In the copy, include every entry exactly but none of the images.
****
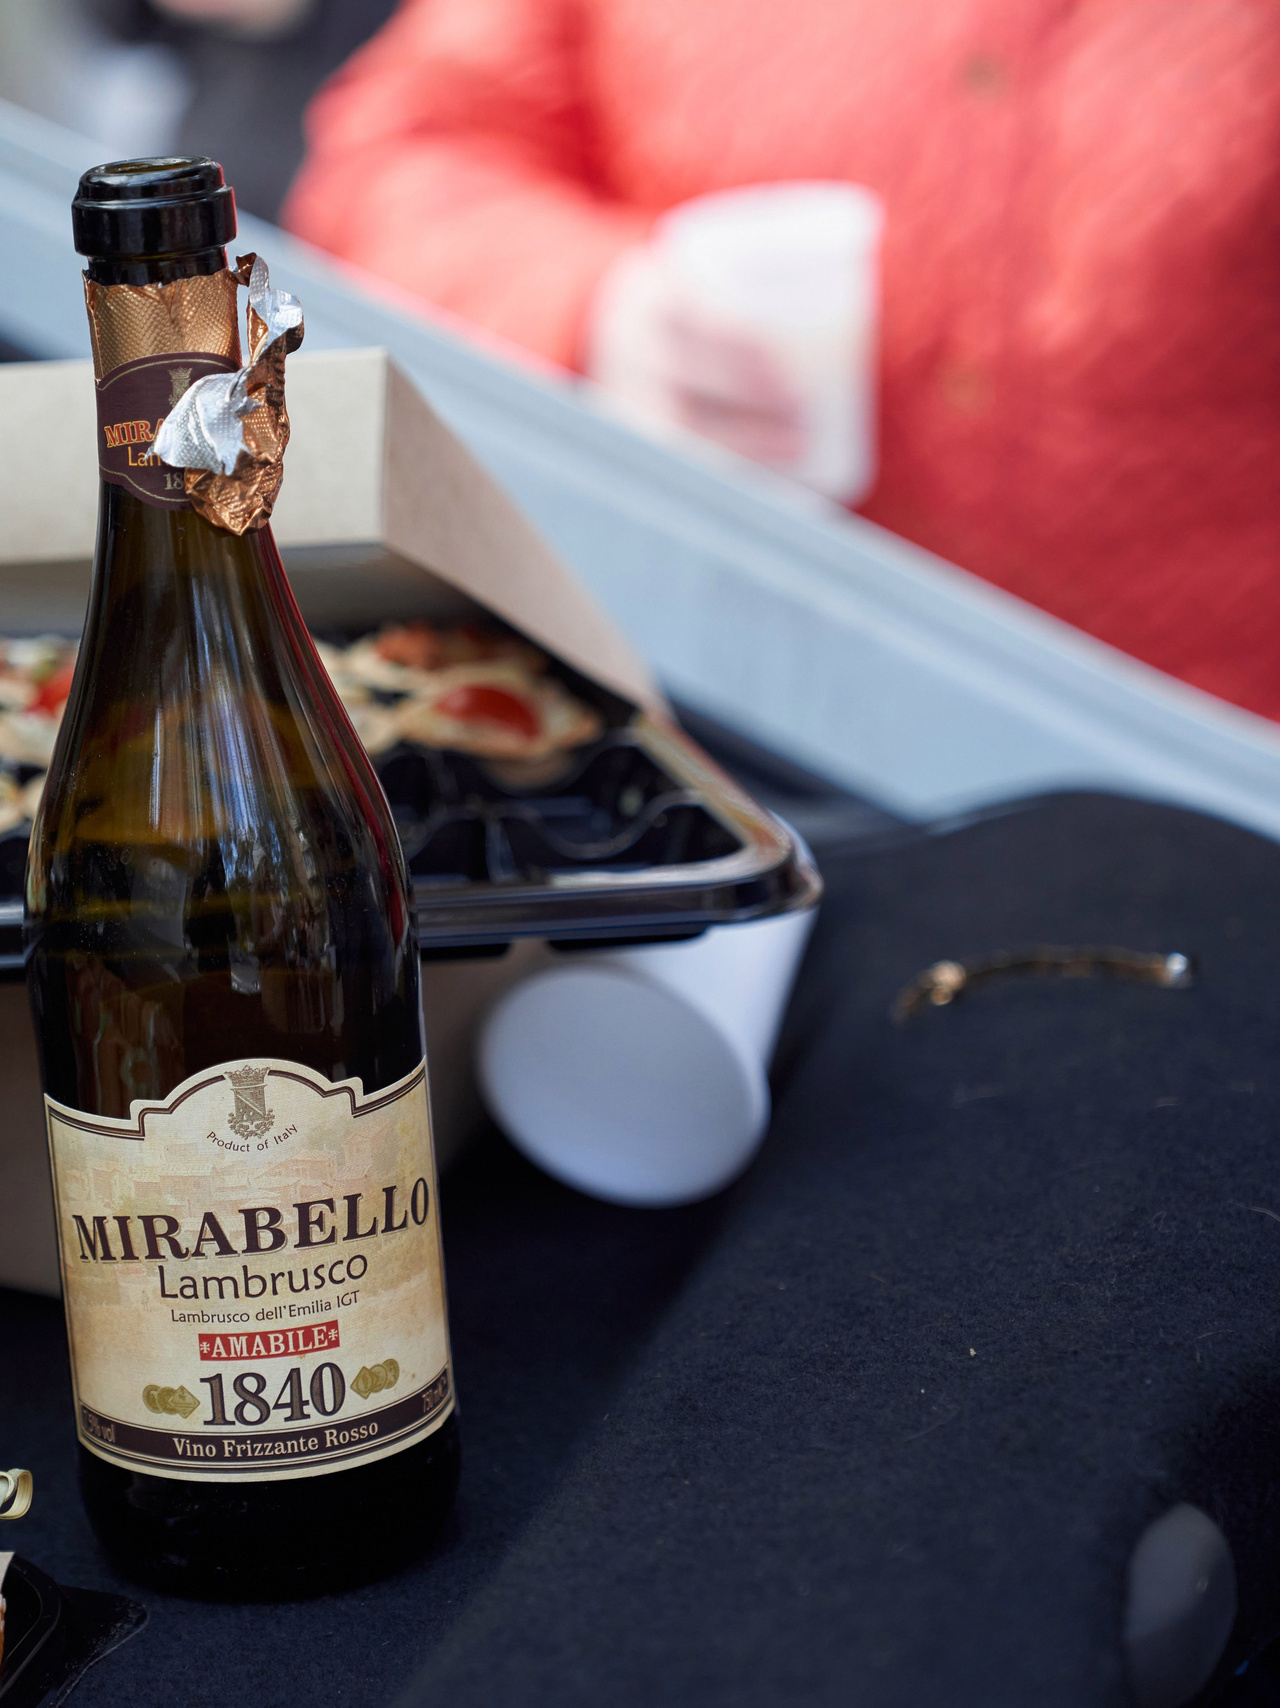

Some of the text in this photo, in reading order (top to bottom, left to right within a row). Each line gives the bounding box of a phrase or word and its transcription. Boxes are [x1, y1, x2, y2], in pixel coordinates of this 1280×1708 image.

[206, 1124, 298, 1152] Product of Italy
[72, 1177, 430, 1262] MIRABELLO
[158, 1254, 368, 1300] Lambrusco
[171, 1309, 250, 1323] Lambrusco
[336, 1290, 360, 1308] IGT
[211, 1325, 328, 1358] AMABILE
[199, 1362, 346, 1426] 1840
[172, 1422, 379, 1458] Vino Frizzante Rosso
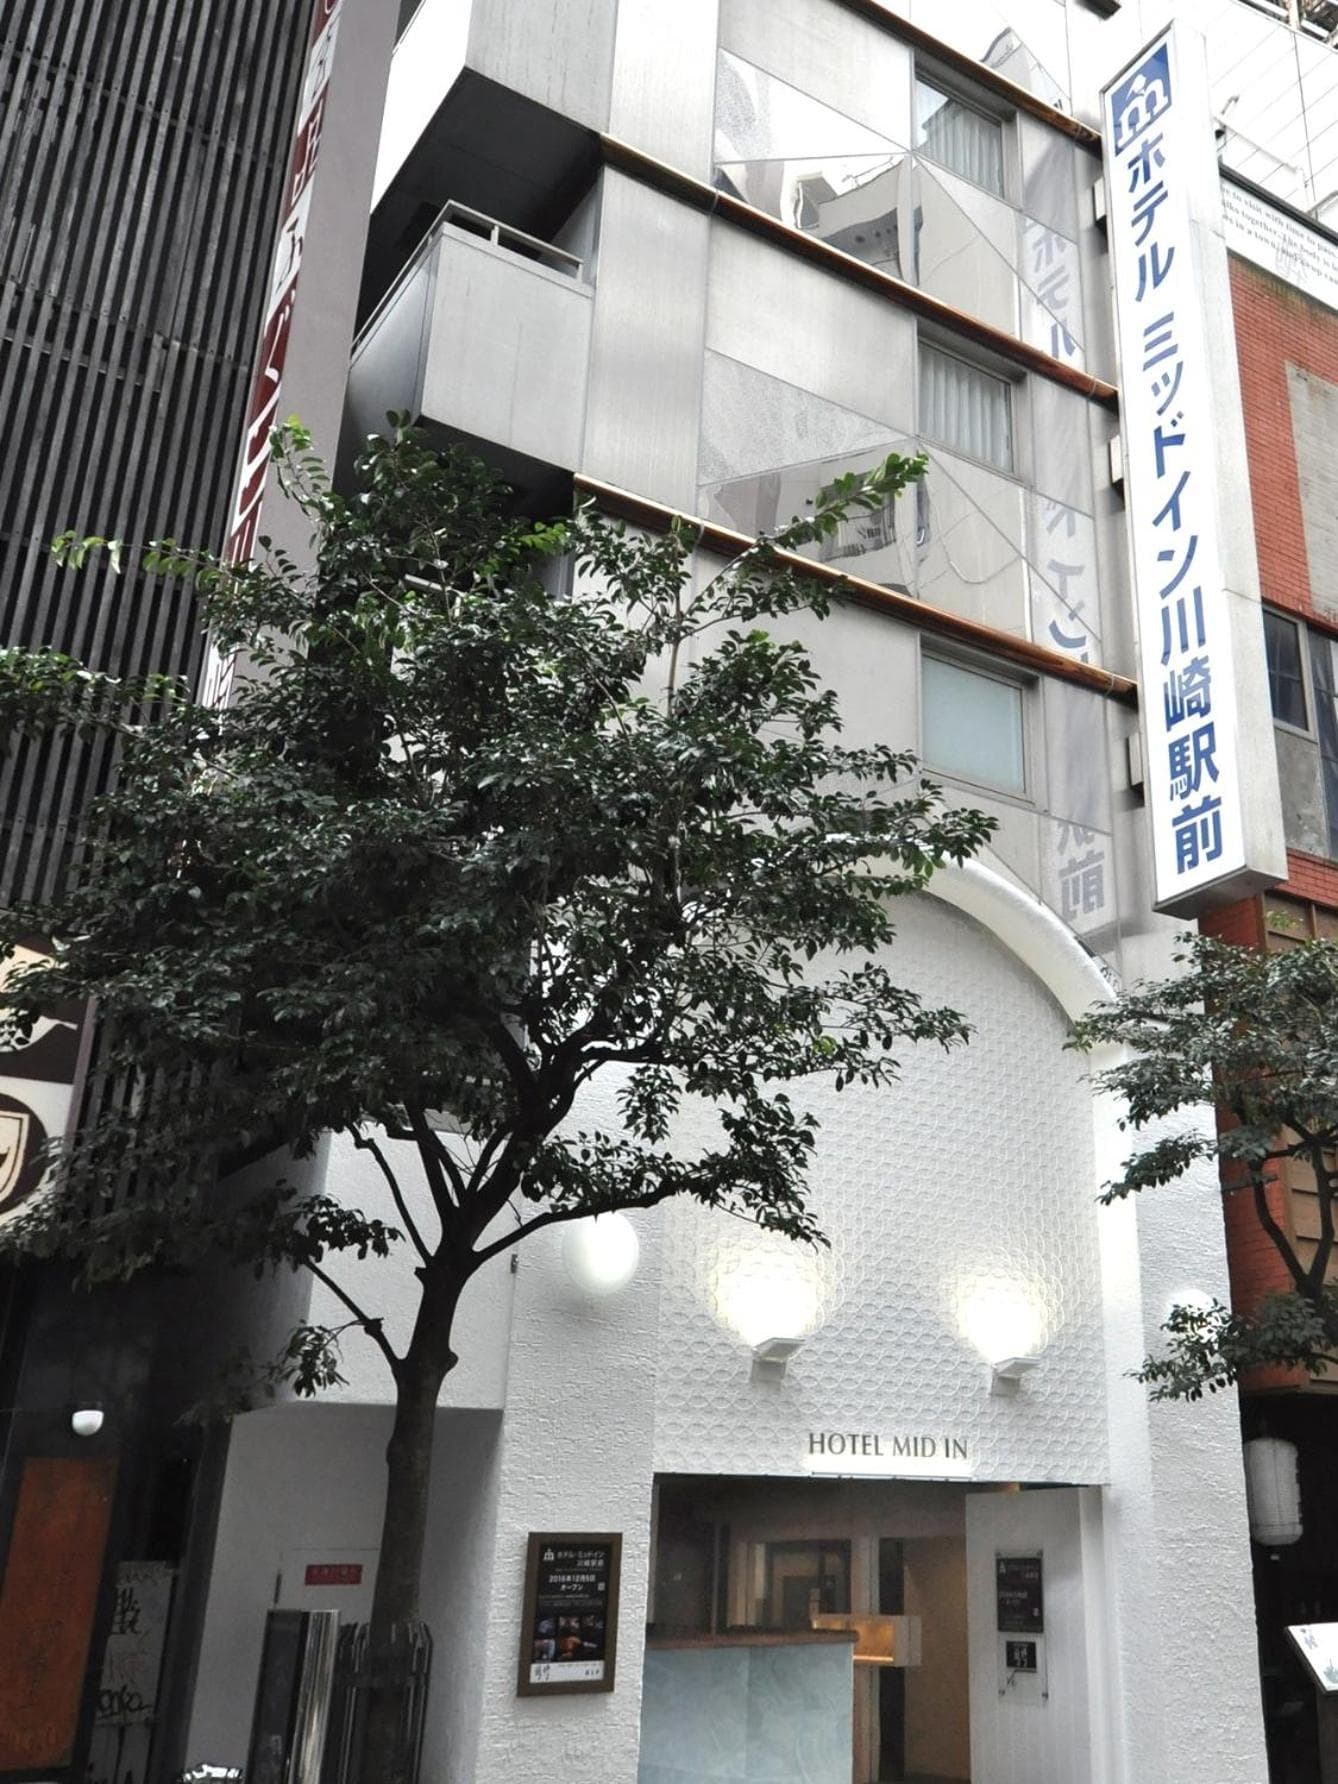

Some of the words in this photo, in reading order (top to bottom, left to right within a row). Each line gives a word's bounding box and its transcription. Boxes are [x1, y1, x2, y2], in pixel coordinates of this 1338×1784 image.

[1127, 132, 1176, 302] ホテル
[1142, 311, 1223, 876] ミッドイン川崎駅前
[809, 1432, 884, 1456] HOTEL
[892, 1436, 937, 1458] MID
[944, 1438, 968, 1459] IN
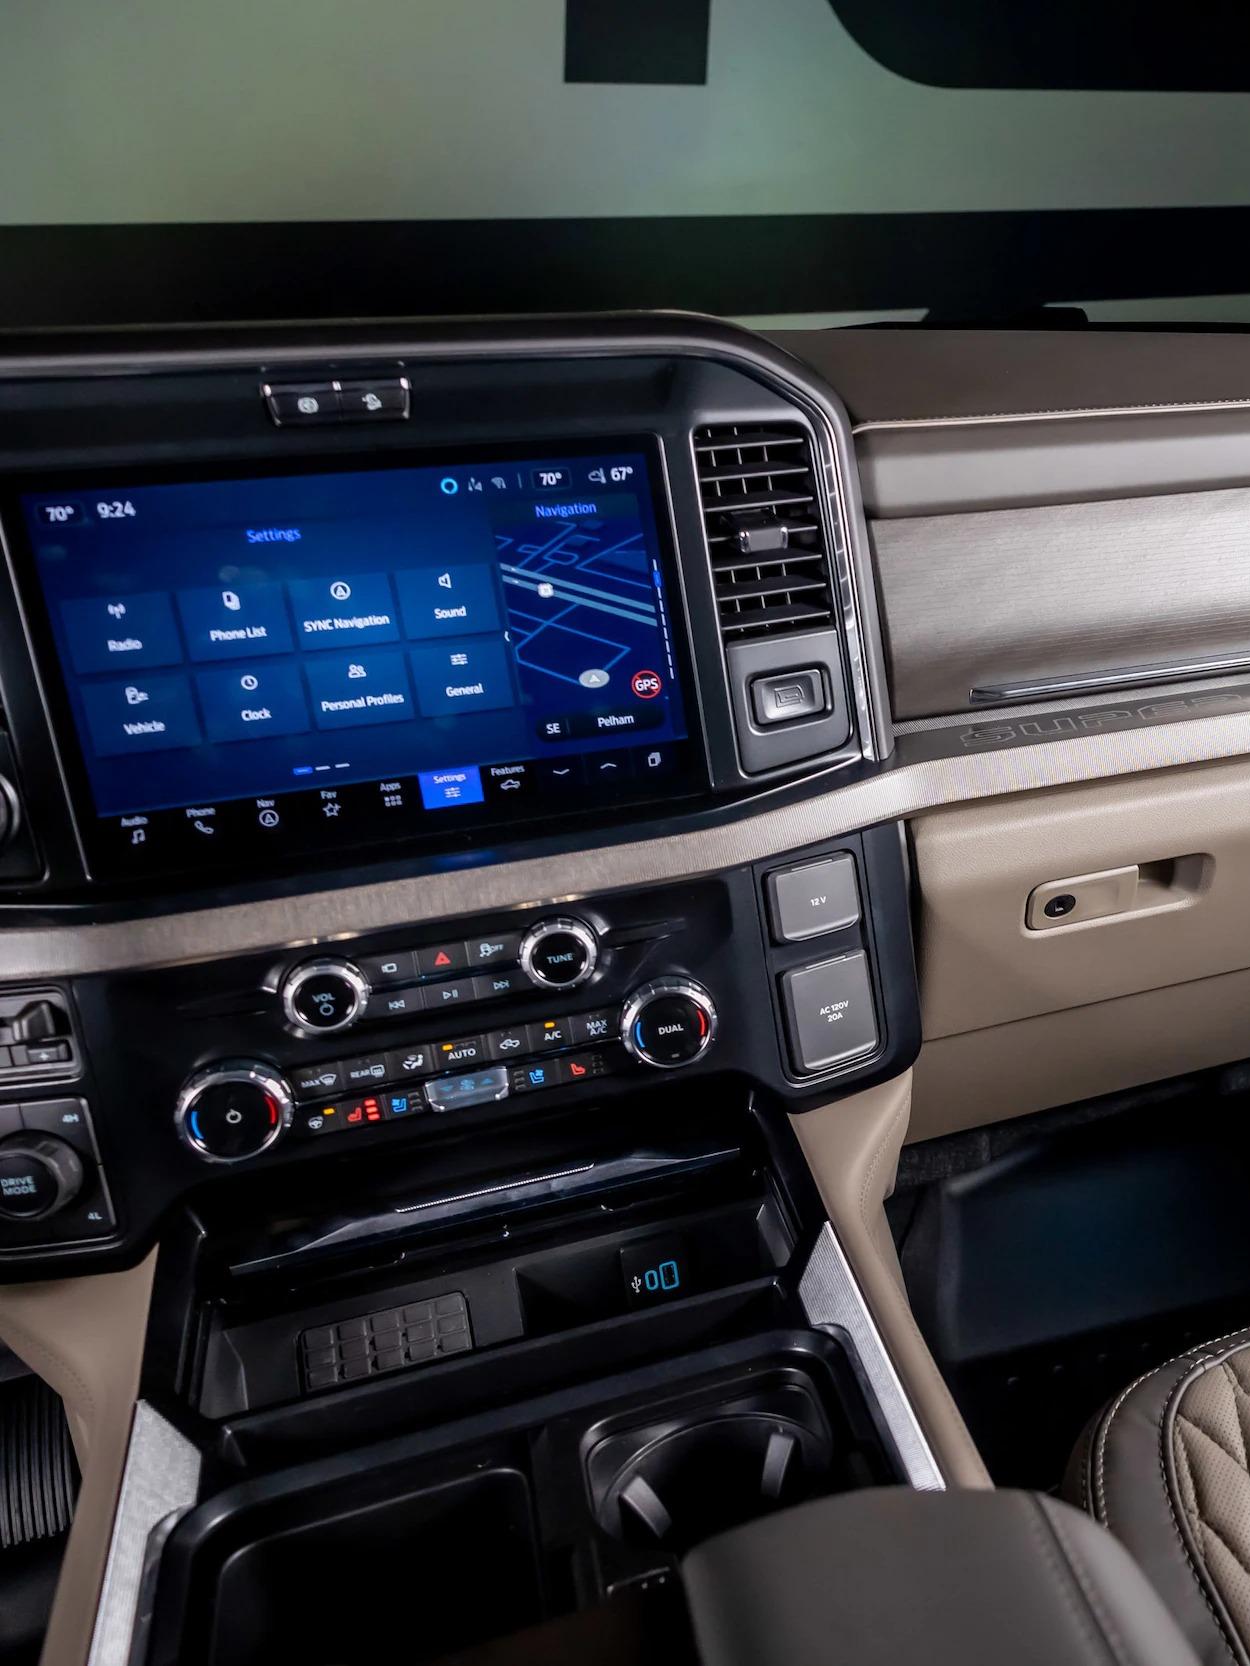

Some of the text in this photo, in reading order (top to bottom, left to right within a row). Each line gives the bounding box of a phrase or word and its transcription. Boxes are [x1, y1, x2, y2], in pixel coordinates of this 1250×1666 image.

[97, 501, 136, 518] 9:24
[535, 502, 597, 518] Navigation
[247, 528, 301, 543] Settings
[434, 606, 466, 620] Sound
[304, 614, 390, 633] SYNC Navigation
[210, 626, 267, 642] Phone List
[108, 638, 142, 651] Radio
[446, 683, 484, 698] General
[635, 678, 659, 692] GPS
[321, 692, 404, 712] Personal Profiles
[241, 708, 272, 722] Clock
[597, 714, 634, 728] Pelham
[124, 721, 165, 735] Vehicle
[546, 722, 561, 735] SE
[491, 764, 525, 777] Features
[433, 772, 466, 785] Settings
[380, 781, 401, 793] Apps
[320, 790, 337, 800] Fav
[257, 799, 275, 809] Nav
[186, 807, 216, 818] Phone
[121, 816, 148, 828] Audio
[810, 896, 827, 907] 12 V
[546, 952, 574, 965] TUNE
[312, 992, 336, 1003] VOL
[820, 1000, 849, 1016] AC 120V
[827, 1012, 843, 1023] 20A
[586, 1019, 607, 1031] MAX
[590, 1025, 607, 1036] A/C
[658, 1023, 684, 1036] DUAL
[544, 1030, 562, 1041] A/C
[448, 1048, 476, 1061] AUTO
[350, 1069, 370, 1078] REAR
[1, 1175, 34, 1187] DRIVE
[3, 1184, 36, 1195] MODE
****
OUTPUT OF THE EXERCISE:
Some of the text in this photo, in reading order (top to bottom, left to right within a row). Each line gives the bounding box of a phrase or word and its transcription. Boxes are [x1, y1, x2, y2], in pixel coordinates of this 1280×1708 image.

[206, 1124, 298, 1152] Product of Italy
[72, 1177, 430, 1262] MIRABELLO
[158, 1254, 368, 1300] Lambrusco
[171, 1309, 250, 1323] Lambrusco
[336, 1290, 360, 1308] IGT
[211, 1325, 328, 1358] AMABILE
[199, 1362, 346, 1426] 1840
[172, 1422, 379, 1458] Vino Frizzante Rosso

Some of the words in this photo, in reading order (top to bottom, left to right within a row). Each line gives a word's bounding box and its transcription. Boxes are [x1, y1, x2, y2], in pixel coordinates of this 1338×1784 image.

[1127, 132, 1176, 302] ホテル
[1142, 311, 1223, 876] ミッドイン川崎駅前
[809, 1432, 884, 1456] HOTEL
[892, 1436, 937, 1458] MID
[944, 1438, 968, 1459] IN

Some of the text in this photo, in reading order (top to bottom, left to right within a row). Each line gives the bounding box of a phrase or word and its transcription. Boxes are [x1, y1, x2, y2], in pixel coordinates of this 1250×1666 image.

[97, 501, 136, 518] 9:24
[535, 502, 597, 518] Navigation
[247, 528, 301, 543] Settings
[434, 606, 466, 620] Sound
[304, 614, 390, 633] SYNC Navigation
[210, 626, 267, 642] Phone List
[108, 638, 142, 651] Radio
[446, 683, 484, 698] General
[635, 678, 659, 692] GPS
[321, 692, 404, 712] Personal Profiles
[241, 708, 272, 722] Clock
[597, 714, 634, 728] Pelham
[124, 721, 165, 735] Vehicle
[546, 722, 561, 735] SE
[491, 764, 525, 777] Features
[433, 772, 466, 785] Settings
[380, 781, 401, 793] Apps
[320, 790, 337, 800] Fav
[257, 799, 275, 809] Nav
[186, 807, 216, 818] Phone
[121, 816, 148, 828] Audio
[810, 896, 827, 907] 12 V
[546, 952, 574, 965] TUNE
[312, 992, 336, 1003] VOL
[820, 1000, 849, 1016] AC 120V
[827, 1012, 843, 1023] 20A
[586, 1019, 607, 1031] MAX
[590, 1025, 607, 1036] A/C
[658, 1023, 684, 1036] DUAL
[544, 1030, 562, 1041] A/C
[448, 1048, 476, 1061] AUTO
[350, 1069, 370, 1078] REAR
[1, 1175, 34, 1187] DRIVE
[3, 1184, 36, 1195] MODE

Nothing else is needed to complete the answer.